Aim of the exercise
The records are to be repeated in full, with the images removed.

-- Materials provided follows --

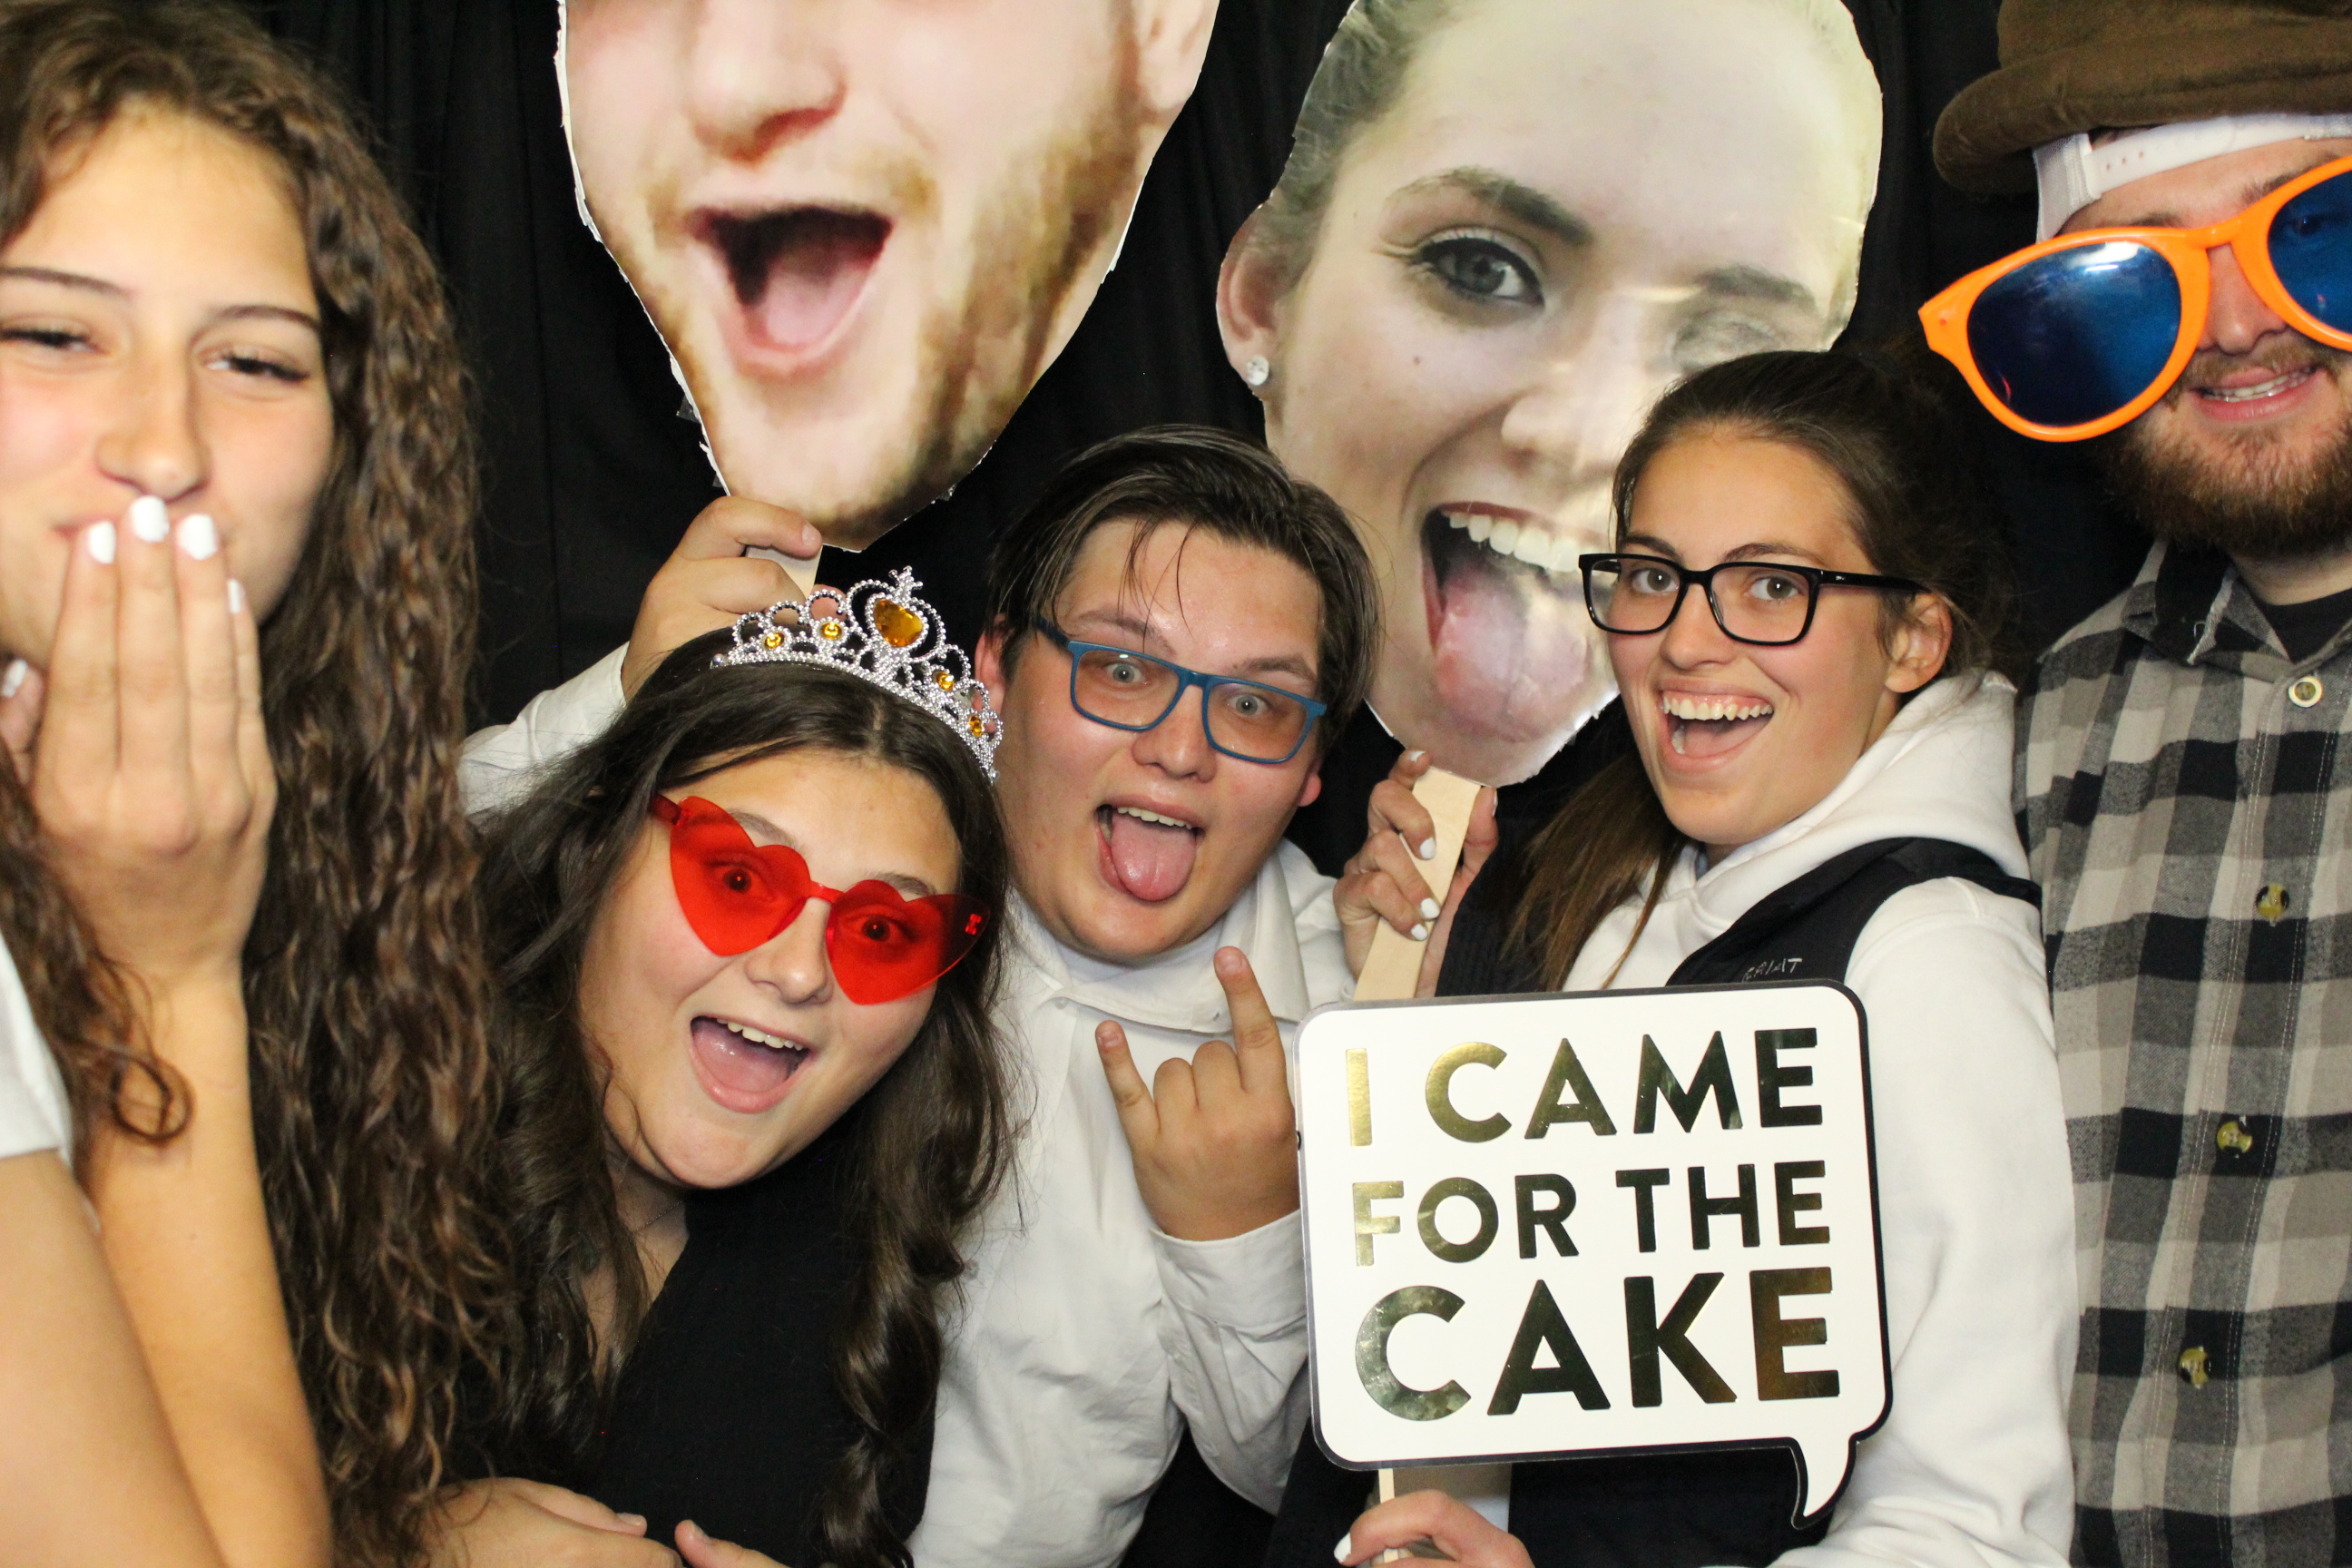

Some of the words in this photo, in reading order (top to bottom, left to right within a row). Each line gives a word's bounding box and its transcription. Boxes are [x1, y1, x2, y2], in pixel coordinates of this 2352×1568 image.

[1346, 1048, 1373, 1147] I
[1425, 1026, 1824, 1143] CAME
[1352, 1172, 1580, 1267] FOR
[1614, 1160, 1831, 1254] THE
[1355, 1266, 1841, 1422] CAKE

-- Materials provided concluded --

Written response
Some of the words in this photo, in reading order (top to bottom, left to right within a row). Each line gives a word's bounding box and its transcription. Boxes are [x1, y1, x2, y2], in pixel coordinates of this 2352×1568 image.

[1346, 1048, 1373, 1147] I
[1425, 1026, 1824, 1143] CAME
[1352, 1172, 1580, 1267] FOR
[1614, 1160, 1831, 1254] THE
[1355, 1266, 1841, 1422] CAKE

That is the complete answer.